Kevin’s Story: Meeting Someone Where They Are

Meet the Clients: Kevin's Story - Massachusetts Guardianship Policy Institute
Kevin's story is a reminder that even when memory fades, dignity, personhood, and connection remain.

How do you help someone who can no longer advocate for themselves and who has been failed by the people meant to care for them? This is how PGS Care Manager Madeline Feist came to know her client, Kevin. 

Among PGS’s earliest cases, Kevin was a Korean War Navy veteran who had worked for American Airlines for much of his life. He was living in the family home where his late wife had been born and raised, and after her death in 2019, had remained there in the care of two of his sons. 

By then, Kevin was battling severe dementia, and concerns around elder abuse and neglect had been mounting. The conditions inside the home were alarming. Reports described unkempt living conditions and bedbug infestations so severe that Kevin and his wife had required treatment at Massachusetts General Hospital. There also were signs of bullying by the sons, and evidence that they were living off rental income of the property that belonged to Kevin. 

When Madeline and another PGS Care Manager visited Kevin and his sons in the home, one of the sons became aggressive and confrontational, even with a police officer present. That was enough for Madeline.  In cooperation with Ethos, the local Aging Services Access Point agency, PGS obtained court permission and moved Kevin to Blaire House, a small nursing facility specializing in dementia care. For the first time in years, he was surrounded by a team of people who were trained to care about his well-being. 

While much of Kevin’s story was marked by hardship, Madeline recognized that he had overcome many barriers during his adult life.  “I was told he was a character, a very powerful person,” she says. “He used to drive around in a burgundy Cadillac. I would’ve loved to see that person.”

“He had two full-time jobs the whole time the kids were growing up. The kids grew up with their own issues and difficulties, but he did the best he could.”

His cognitive decline had brought out a different part of his personality, someone capable of simple warmth.  “He was a sweet man,” she says. “He loved to sing.” His boisterous voice could be heard echoing through the halls of the nursing home as he sang for the staff and fellow residents.

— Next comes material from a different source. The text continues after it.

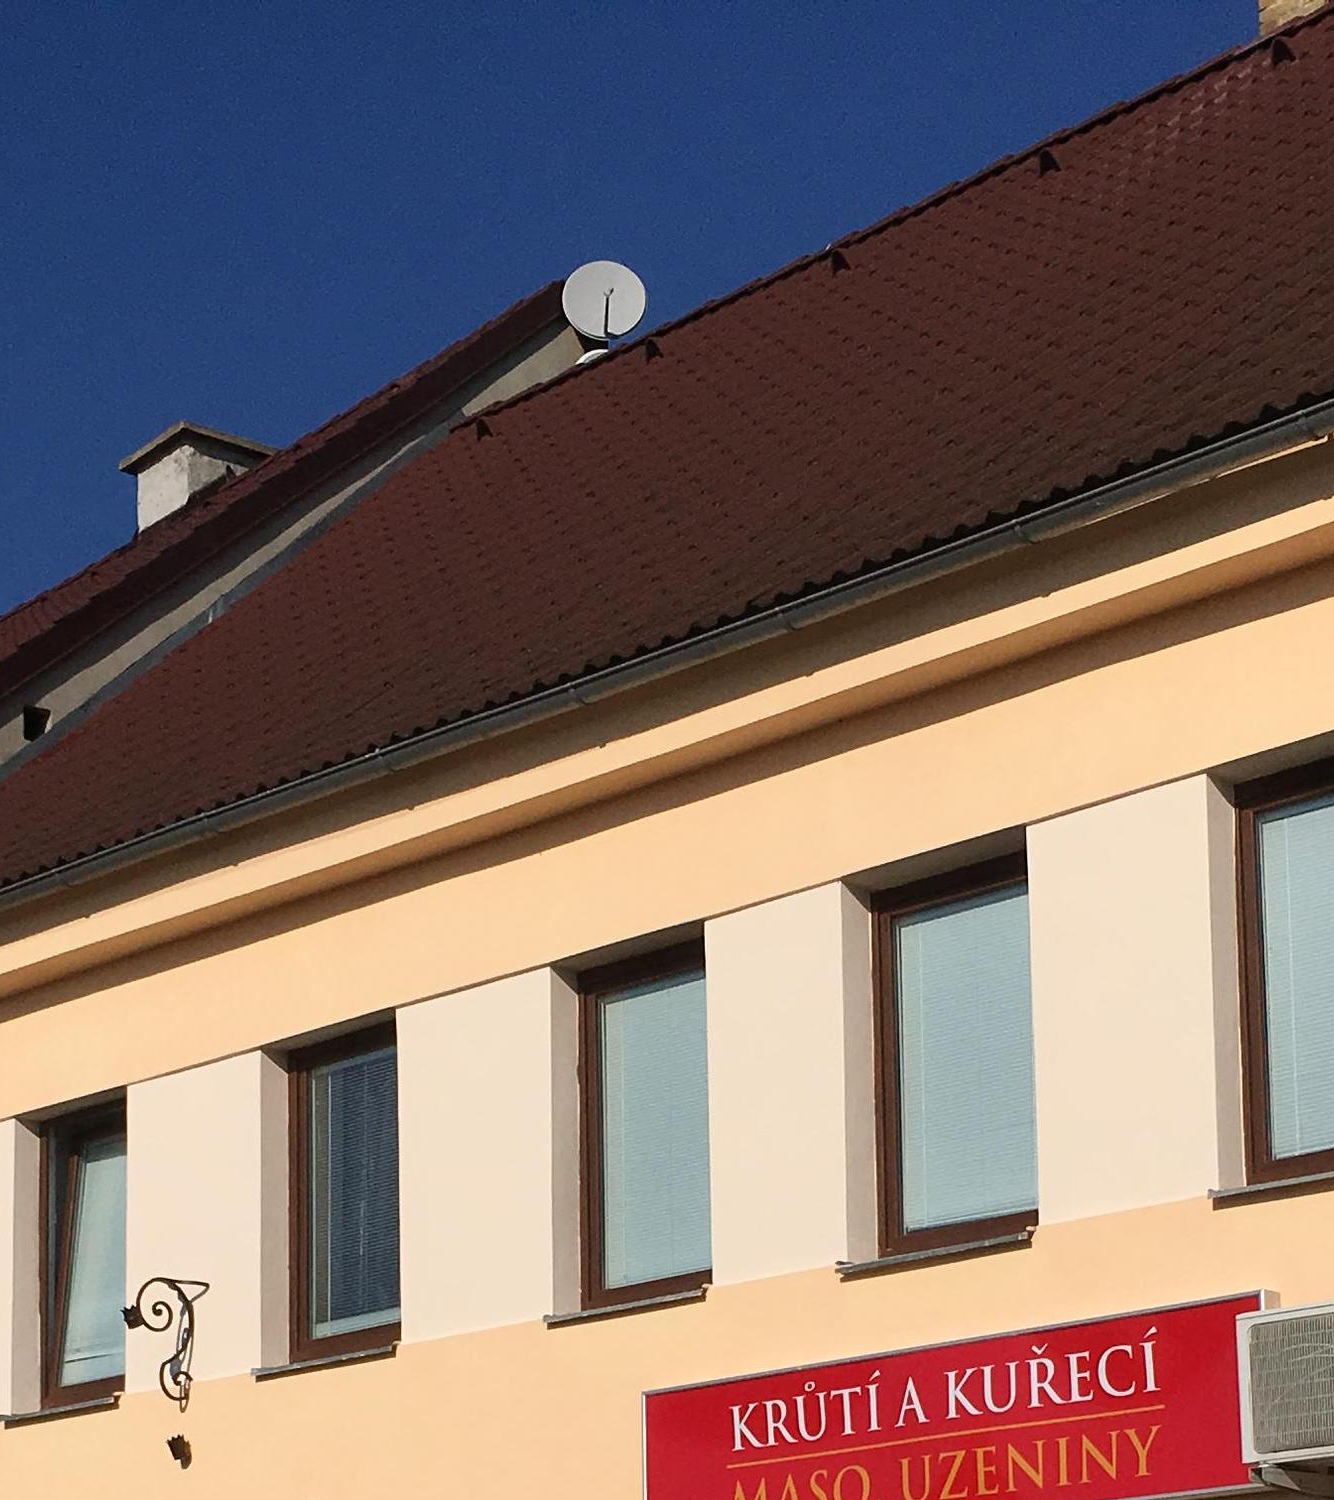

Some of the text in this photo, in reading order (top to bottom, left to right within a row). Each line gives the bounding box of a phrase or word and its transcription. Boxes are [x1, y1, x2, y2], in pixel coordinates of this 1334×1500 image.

[729, 1326, 1162, 1452] KRŮTÍ A KUŘECÍ

But dementia had taken much from him. “He never seemed at peace,” Madeline recalls. “It was always some sort of internal struggle.” 

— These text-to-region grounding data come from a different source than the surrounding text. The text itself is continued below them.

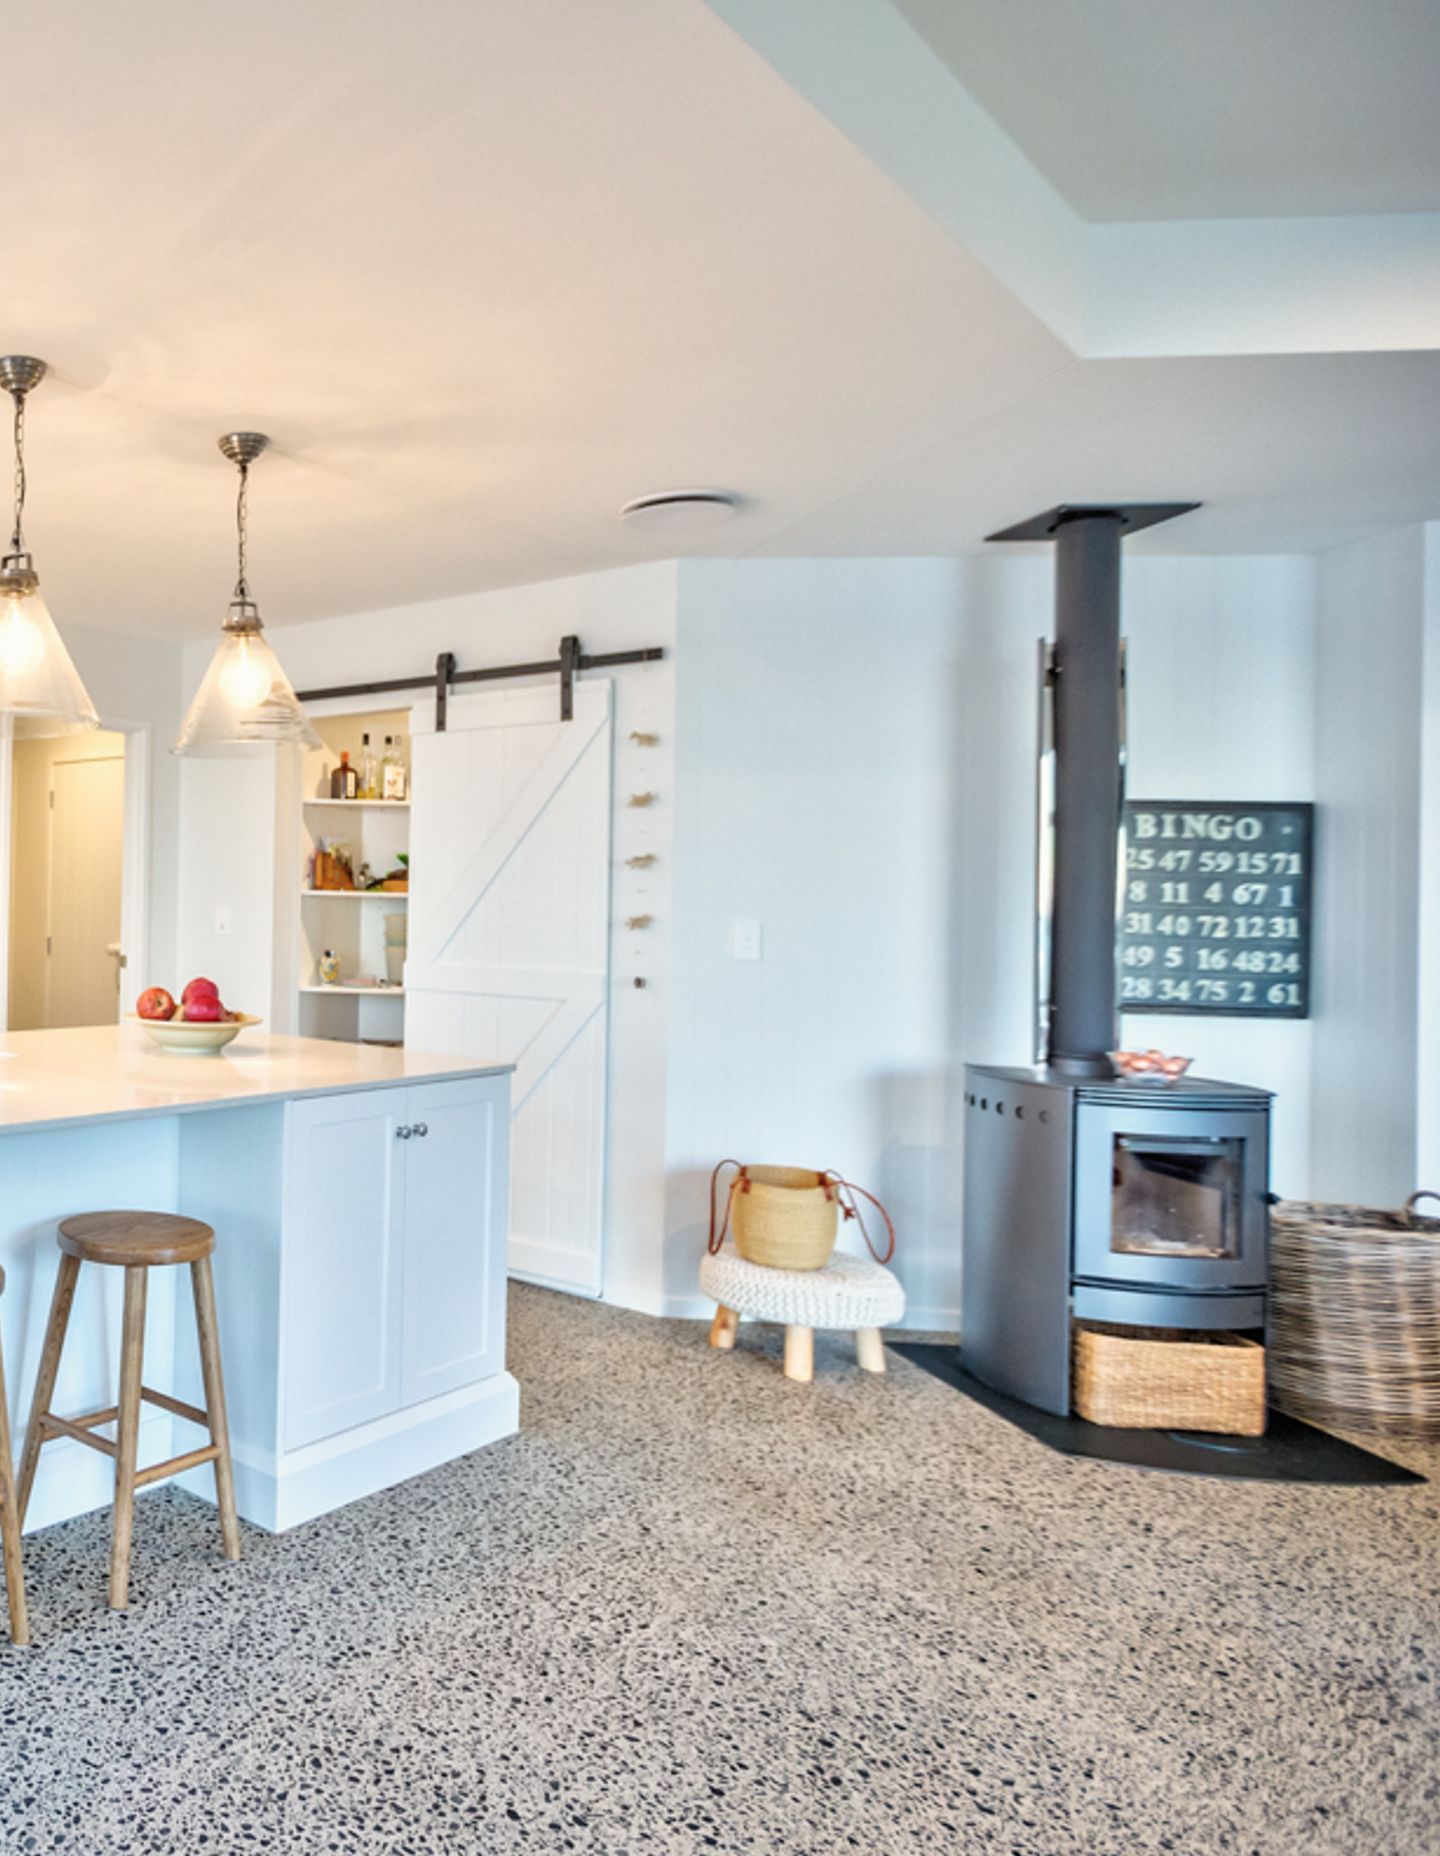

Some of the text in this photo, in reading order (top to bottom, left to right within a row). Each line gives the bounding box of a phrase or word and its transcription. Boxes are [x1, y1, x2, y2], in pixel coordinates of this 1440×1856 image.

[1134, 814, 1263, 840] BINGO
[1127, 848, 1302, 874] 25 47 59 15 71
[1128, 881, 1294, 907] 8 11 4 67 1
[1124, 912, 1300, 938] 31 40 72 12 31
[1121, 945, 1302, 973] 49 5 16 48 24
[1121, 976, 1301, 1006] 28 34 75 2 61

Many of their conversations followed a familiar pattern. Kevin would go on tangents about arguments or people who had wronged him.  “You couldn’t have a conversation beyond, ‘How are you?’ ‘I’m good,” Madeline says. “And then he would go into a tirade about someone that wasn’t there and that I didn’t know.”  

When working with clients who have advanced dementia, Madeline learned that it requires a different approach in order to have a positive interaction. Rather than trying to force Kevin toward a particular outcome or response, Madeline focused on meeting him wherever he was that day.  

Sometimes that meant holding his hand when he was upset. Sometimes it simply meant sitting beside him when he confused Madeline for his late wife and said that he loved her. Rather than correcting him, Madeline focused on comforting him in the moment. 

She remembers another time when Kevin seemed mentally transported back to the war, speaking about someone who had killed fourteen people in front of him. Rather than dismissing his fear, she would reassure him that he was safe now. He wasn’t there anymore. 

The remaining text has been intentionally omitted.